(Items from a data source)
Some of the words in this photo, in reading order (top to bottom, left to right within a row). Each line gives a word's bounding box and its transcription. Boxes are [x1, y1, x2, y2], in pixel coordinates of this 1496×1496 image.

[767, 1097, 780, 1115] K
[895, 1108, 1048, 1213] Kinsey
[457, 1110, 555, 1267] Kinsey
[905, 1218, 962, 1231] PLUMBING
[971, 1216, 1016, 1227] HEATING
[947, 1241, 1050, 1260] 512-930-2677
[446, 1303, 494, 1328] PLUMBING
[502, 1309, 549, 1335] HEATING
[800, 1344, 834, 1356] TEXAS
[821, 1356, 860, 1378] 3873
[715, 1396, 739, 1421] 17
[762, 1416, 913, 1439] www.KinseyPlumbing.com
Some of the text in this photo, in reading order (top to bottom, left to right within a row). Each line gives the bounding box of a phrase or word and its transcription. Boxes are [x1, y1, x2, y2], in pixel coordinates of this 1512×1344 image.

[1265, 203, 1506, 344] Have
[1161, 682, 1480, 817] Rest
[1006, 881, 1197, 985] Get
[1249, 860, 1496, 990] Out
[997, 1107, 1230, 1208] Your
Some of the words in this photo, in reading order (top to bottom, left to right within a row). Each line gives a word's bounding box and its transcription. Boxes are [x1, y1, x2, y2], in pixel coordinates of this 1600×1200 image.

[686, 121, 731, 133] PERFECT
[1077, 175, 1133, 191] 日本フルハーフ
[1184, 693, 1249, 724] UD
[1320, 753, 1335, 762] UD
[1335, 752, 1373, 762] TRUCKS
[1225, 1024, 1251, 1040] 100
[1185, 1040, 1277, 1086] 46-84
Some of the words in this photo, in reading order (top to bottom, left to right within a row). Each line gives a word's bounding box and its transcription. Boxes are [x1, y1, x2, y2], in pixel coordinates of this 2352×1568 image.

__Description of the task__
Repeat the records above exactly.

__The answer__
Some of the words in this photo, in reading order (top to bottom, left to right within a row). Each line gives a word's bounding box and its transcription. Boxes are [x1, y1, x2, y2], in pixel coordinates of this 1496×1496 image.

[767, 1097, 780, 1115] K
[895, 1108, 1048, 1213] Kinsey
[457, 1110, 555, 1267] Kinsey
[905, 1218, 962, 1231] PLUMBING
[971, 1216, 1016, 1227] HEATING
[947, 1241, 1050, 1260] 512-930-2677
[446, 1303, 494, 1328] PLUMBING
[502, 1309, 549, 1335] HEATING
[800, 1344, 834, 1356] TEXAS
[821, 1356, 860, 1378] 3873
[715, 1396, 739, 1421] 17
[762, 1416, 913, 1439] www.KinseyPlumbing.com
Some of the text in this photo, in reading order (top to bottom, left to right within a row). Each line gives the bounding box of a phrase or word and its transcription. Boxes are [x1, y1, x2, y2], in pixel coordinates of this 1512×1344 image.

[1265, 203, 1506, 344] Have
[1161, 682, 1480, 817] Rest
[1006, 881, 1197, 985] Get
[1249, 860, 1496, 990] Out
[997, 1107, 1230, 1208] Your
Some of the words in this photo, in reading order (top to bottom, left to right within a row). Each line gives a word's bounding box and its transcription. Boxes are [x1, y1, x2, y2], in pixel coordinates of this 1600×1200 image.

[686, 121, 731, 133] PERFECT
[1077, 175, 1133, 191] 日本フルハーフ
[1184, 693, 1249, 724] UD
[1320, 753, 1335, 762] UD
[1335, 752, 1373, 762] TRUCKS
[1225, 1024, 1251, 1040] 100
[1185, 1040, 1277, 1086] 46-84
Some of the words in this photo, in reading order (top to bottom, left to right within a row). Each line gives a word's bounding box and its transcription. Boxes are [x1, y1, x2, y2], in pixel coordinates of this 2352×1568 image.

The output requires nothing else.